Exercise goal >> Set out the records below again exactly; skip the images.

Records drawn from a dataset:
···

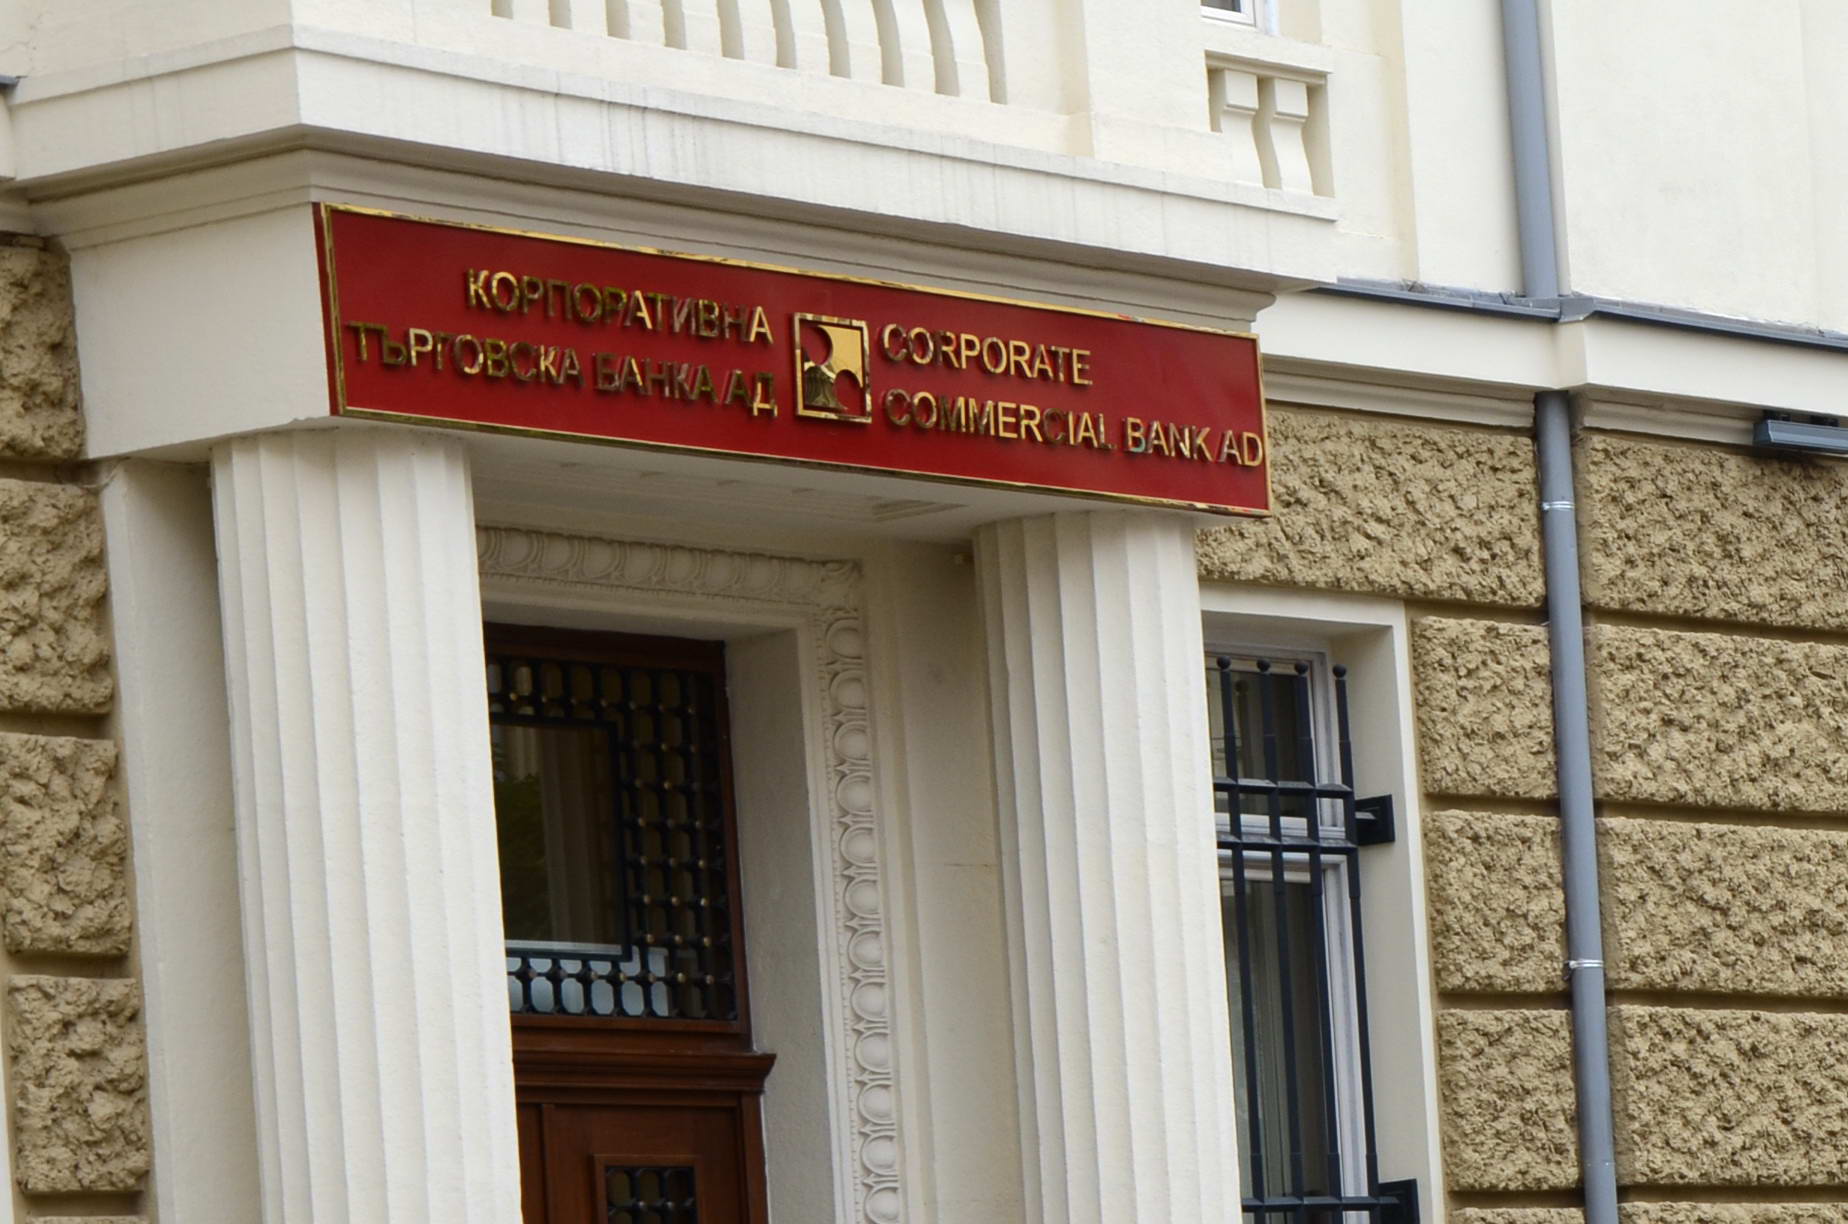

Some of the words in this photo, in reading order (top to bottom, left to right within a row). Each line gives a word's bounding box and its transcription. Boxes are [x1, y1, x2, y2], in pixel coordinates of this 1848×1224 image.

[465, 268, 774, 345] КОРПОРАТИВНА
[348, 321, 584, 387] ТЪРГОВСКА
[593, 352, 718, 404] БАНКА
[724, 369, 778, 418] АД
[882, 323, 1093, 386] CORPORATE
[884, 388, 1116, 451] COMMERCIAL
[1122, 417, 1215, 461] BANK
[1217, 430, 1263, 467] AD
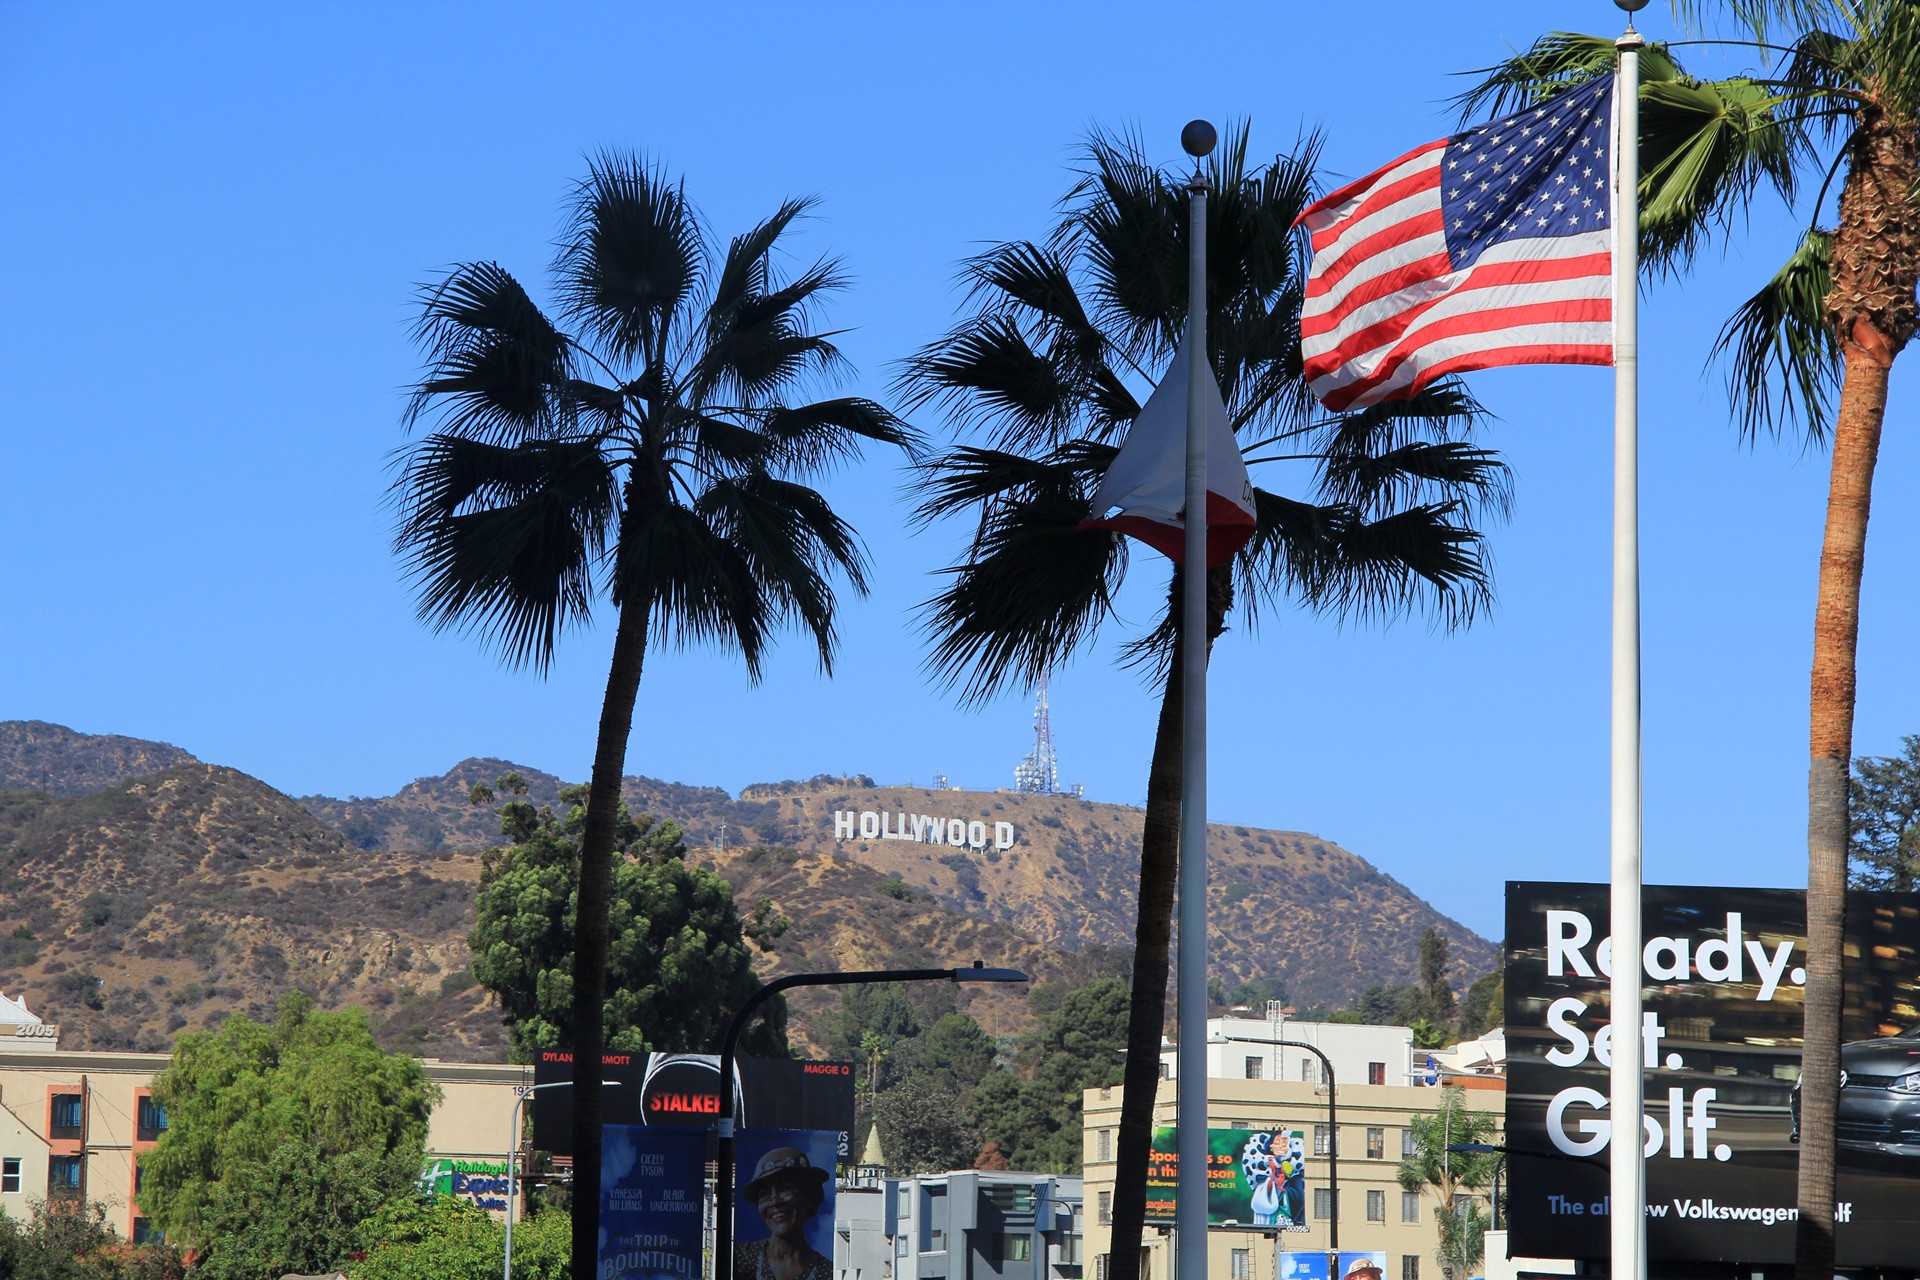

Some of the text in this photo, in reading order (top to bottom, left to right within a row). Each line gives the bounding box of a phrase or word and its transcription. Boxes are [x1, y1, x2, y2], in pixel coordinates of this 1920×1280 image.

···

Output of the task >>
Some of the words in this photo, in reading order (top to bottom, left to right within a row). Each line gives a word's bounding box and its transcription. Boxes are [x1, y1, x2, y2], in pixel coordinates of this 1848×1224 image.

[465, 268, 774, 345] КОРПОРАТИВНА
[348, 321, 584, 387] ТЪРГОВСКА
[593, 352, 718, 404] БАНКА
[724, 369, 778, 418] АД
[882, 323, 1093, 386] CORPORATE
[884, 388, 1116, 451] COMMERCIAL
[1122, 417, 1215, 461] BANK
[1217, 430, 1263, 467] AD

Some of the text in this photo, in reading order (top to bottom, left to right within a row). Each line gives the bounding box of a phrase or word and its transcription. Boxes are [x1, y1, x2, y2], in pixel coordinates of this 1920×1280 image.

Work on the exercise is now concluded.